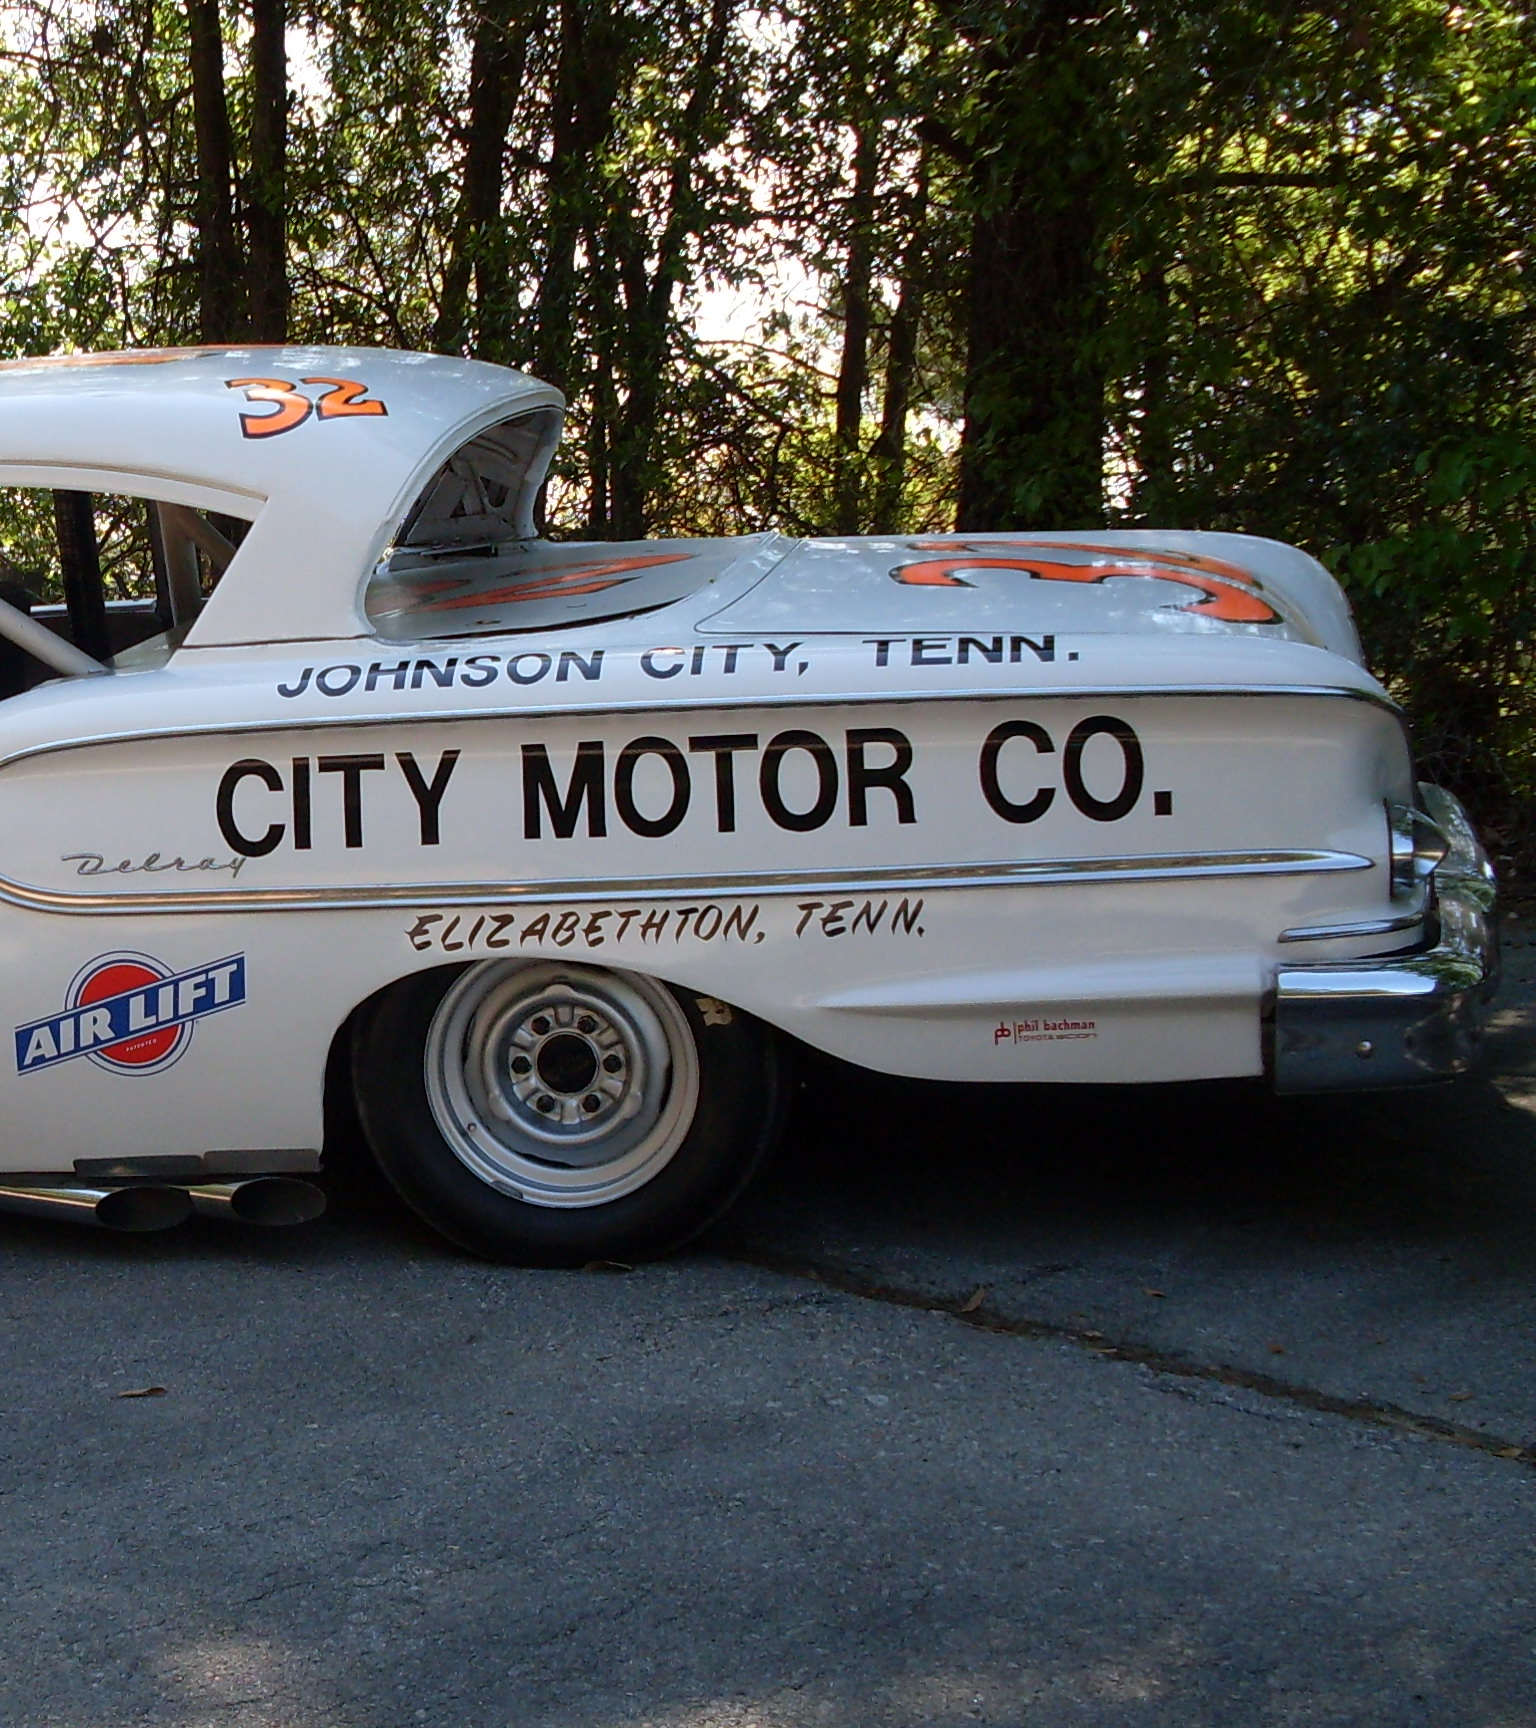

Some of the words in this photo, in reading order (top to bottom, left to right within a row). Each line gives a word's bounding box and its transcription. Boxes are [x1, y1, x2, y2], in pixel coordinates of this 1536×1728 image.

[224, 376, 389, 439] 32
[276, 649, 605, 698] JOHNSON
[640, 641, 809, 679] CITY,
[862, 634, 1079, 668] TENN.
[216, 749, 462, 858] CITY
[520, 727, 917, 840] MOTOR
[979, 714, 1173, 824] CO.
[61, 852, 247, 879] Delray
[403, 904, 766, 951] ELIZABETHTON,
[794, 898, 927, 938] TENN.
[22, 1007, 116, 1066] AIR
[129, 963, 238, 1032] LIFT
[1017, 1019, 1039, 1034] phil
[1043, 1018, 1095, 1031] bachman
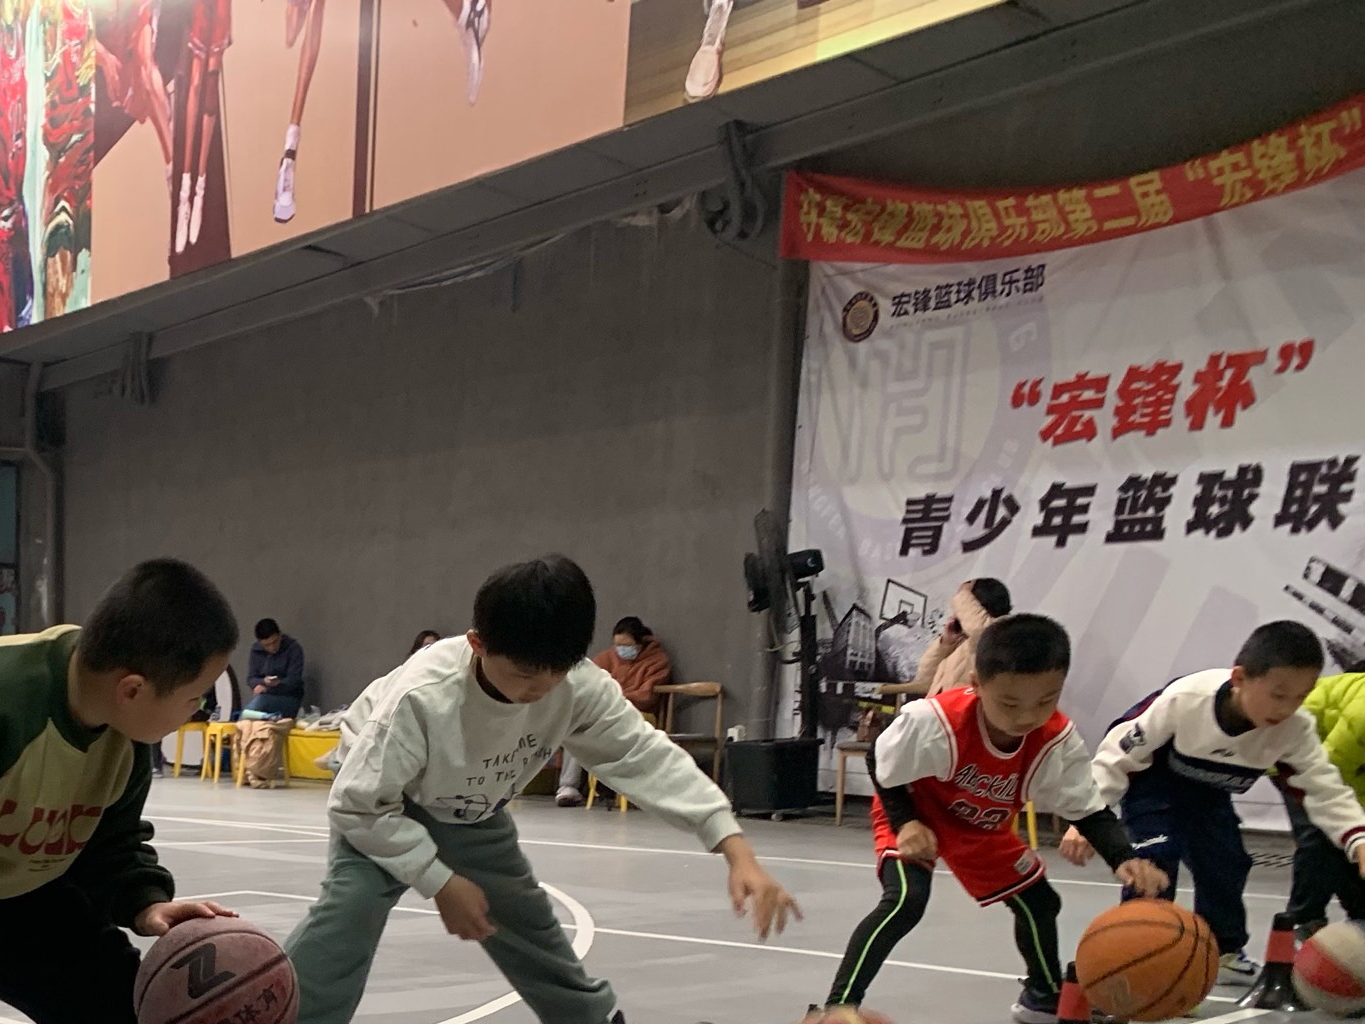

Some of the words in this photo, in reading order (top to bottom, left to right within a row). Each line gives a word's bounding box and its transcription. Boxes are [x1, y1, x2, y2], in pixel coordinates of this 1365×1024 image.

[890, 263, 1047, 319] 宏锋篮球俱乐部
[1011, 338, 1315, 447] “宏锋杯”
[898, 453, 1361, 558] 青少年篮球联
[466, 776, 485, 787] TO
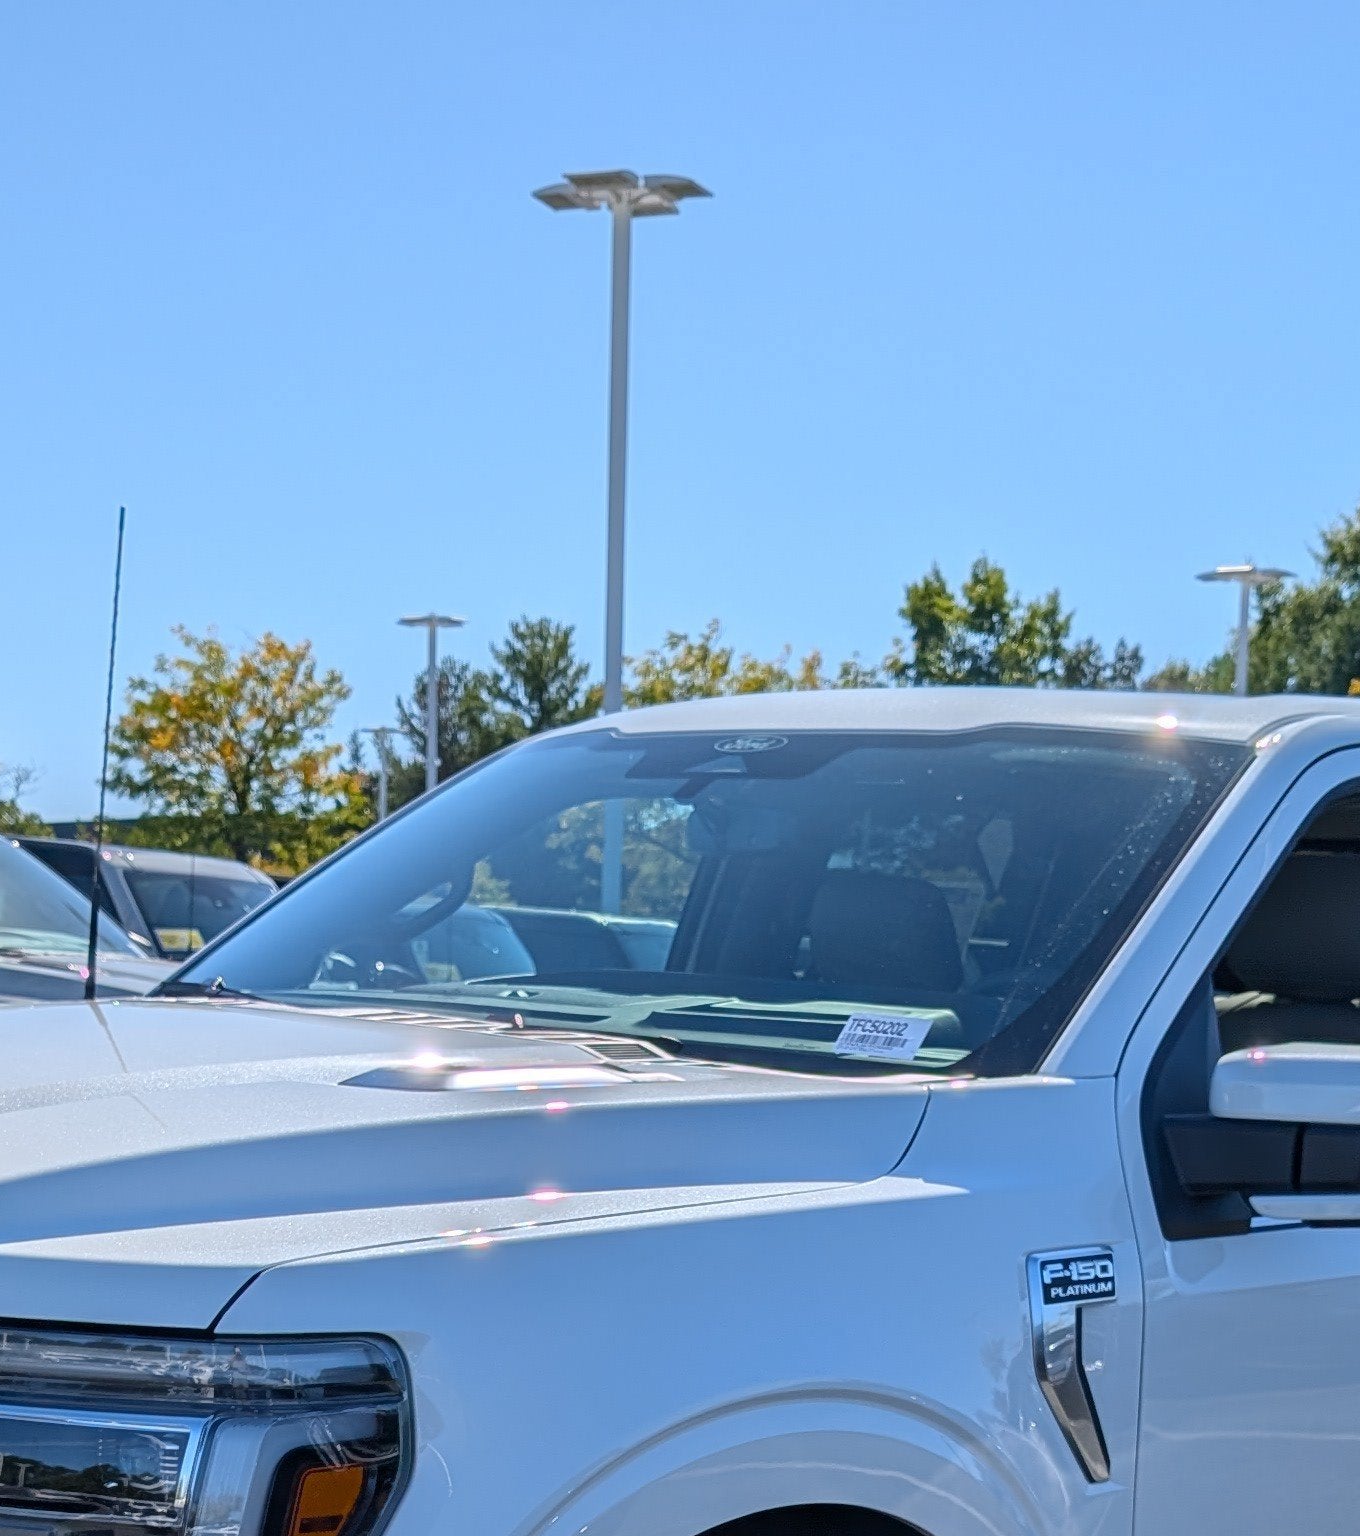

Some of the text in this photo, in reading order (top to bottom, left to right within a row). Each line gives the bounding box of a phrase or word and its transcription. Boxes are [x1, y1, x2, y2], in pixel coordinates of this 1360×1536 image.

Exercise instructions:
The whole listing above, line by line, needs to be copied exactly, except for any images.

Answer to this task:
Some of the words in this photo, in reading order (top to bottom, left to right within a row). Each line gives a word's bounding box and its transcription. Boxes are [x1, y1, x2, y2], in pixel coordinates of this 1536×1728 image.

[224, 376, 389, 439] 32
[276, 649, 605, 698] JOHNSON
[640, 641, 809, 679] CITY,
[862, 634, 1079, 668] TENN.
[216, 749, 462, 858] CITY
[520, 727, 917, 840] MOTOR
[979, 714, 1173, 824] CO.
[61, 852, 247, 879] Delray
[403, 904, 766, 951] ELIZABETHTON,
[794, 898, 927, 938] TENN.
[22, 1007, 116, 1066] AIR
[129, 963, 238, 1032] LIFT
[1017, 1019, 1039, 1034] phil
[1043, 1018, 1095, 1031] bachman

Some of the words in this photo, in reading order (top to bottom, left to right within a row). Each line gives a word's bounding box and its transcription. Boxes are [x1, y1, x2, y2], in pixel coordinates of this 1365×1024 image.

[890, 263, 1047, 319] 宏锋篮球俱乐部
[1011, 338, 1315, 447] “宏锋杯”
[898, 453, 1361, 558] 青少年篮球联
[466, 776, 485, 787] TO

Some of the text in this photo, in reading order (top to bottom, left to right within a row). Each line gives the bounding box of a phrase or word and its transcription. Boxes are [x1, y1, x2, y2], in pixel coordinates of this 1360×1536 image.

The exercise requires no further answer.